I have watched this lecture about 10 times and read all the comments and still I am confused about one thing, which is annoying because I’m fairly certain I understand the rest of it. I’ll explain my thought process as clearly as possible so maybe someone can show me the light.

At 3:28 Michael says “and then we have another integer down here… hmm I wonder what that is?”

I’m told that the first integer had a value of 8 because “8” is clearly displayed and followed by the bytes that an int32 requires - 08 00 00 00

Following this logic I didn’t see any mystery in the second integer, it has a value of 20, and because its an integer it requires a total of 4 bytes so it is followed by 00 00 00.

BUT WAIT!
Why am I being asked what that integer is when I can see its value right there?
And why is Micheal now telling me that the integer I thought had a value of 20 actually is an integer with a value of 32?

It’s being displayed as a hexadecimal number i.e. base 16. So each “column” is worth increasing powers of 16 not 10.

Here is 101 in decimal

 1      0     1
10^2   10^1  10^0

So

100 * 1 = 100
 10 * 0 =   0
  1 * 1 =   1 

Which is 101 in decimal unsurprisingly
Now in base 16 the number 101

 1      0     1
16^2   16^1  16^0

So that would be

256 * 1 = 256
 16 * 0 =   0
  1 * 1 =   1 

Which is the number 257 in decimal. so 20 in hexadecimal would be 16 * 2 = 32.

Thanks for replying @DanM
Unfortunately your explanation still left me completely clueless.
It’s not your fault, I feel a little embarrassed that I just can’t grasp what it is we are talking about.
I’m not giving up, I really want to put this to rest and move on with the course with confidence. If you could illustrate a little further to clarify what you mean at different stages of your explanation that would be great because my scalp is wearing thin at this point :stuck_out_tongue: . I made notes on what was going through my head as I read through.
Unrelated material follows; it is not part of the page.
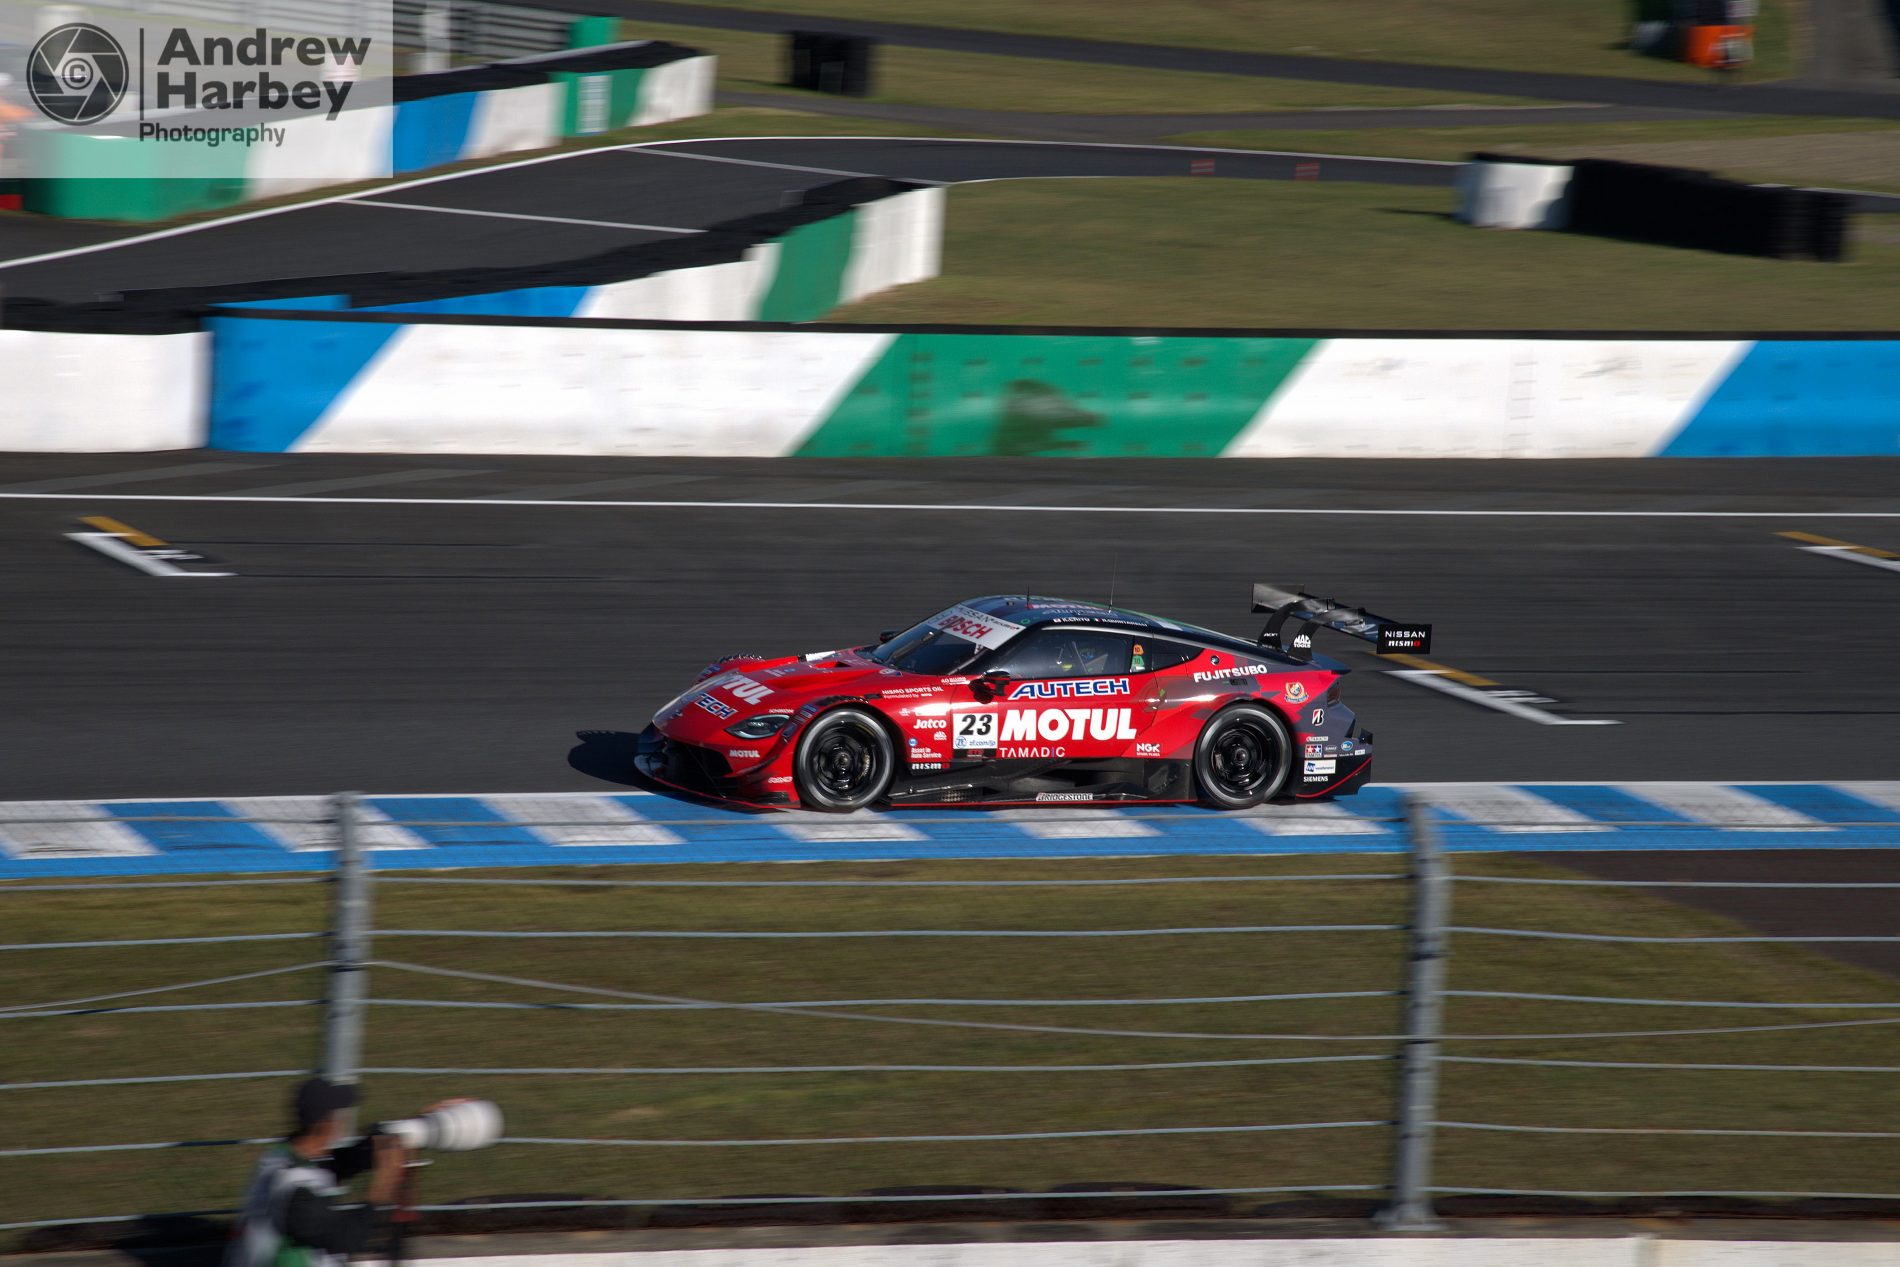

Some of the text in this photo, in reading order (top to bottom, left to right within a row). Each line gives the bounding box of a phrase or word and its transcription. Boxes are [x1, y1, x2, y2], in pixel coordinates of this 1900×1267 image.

Please don’t give up on me.

  1. What is being shown is the number 101 split out into columns denoting what each is worth. 10^1 means 10 to the power of 1 which is 10, 10^2 is 10 to the power of 2 which is 100 and so on and so forth.
  2. Sorry that should have read 10 * 0. That’s what I get for copying and pasting :stuck_out_tongue:
  3. 256 is 16^2
  4. Because it’s using hexadecimal. 10 in binary is 2 in decimal, 10 in hexadecimal is 16 in decimal.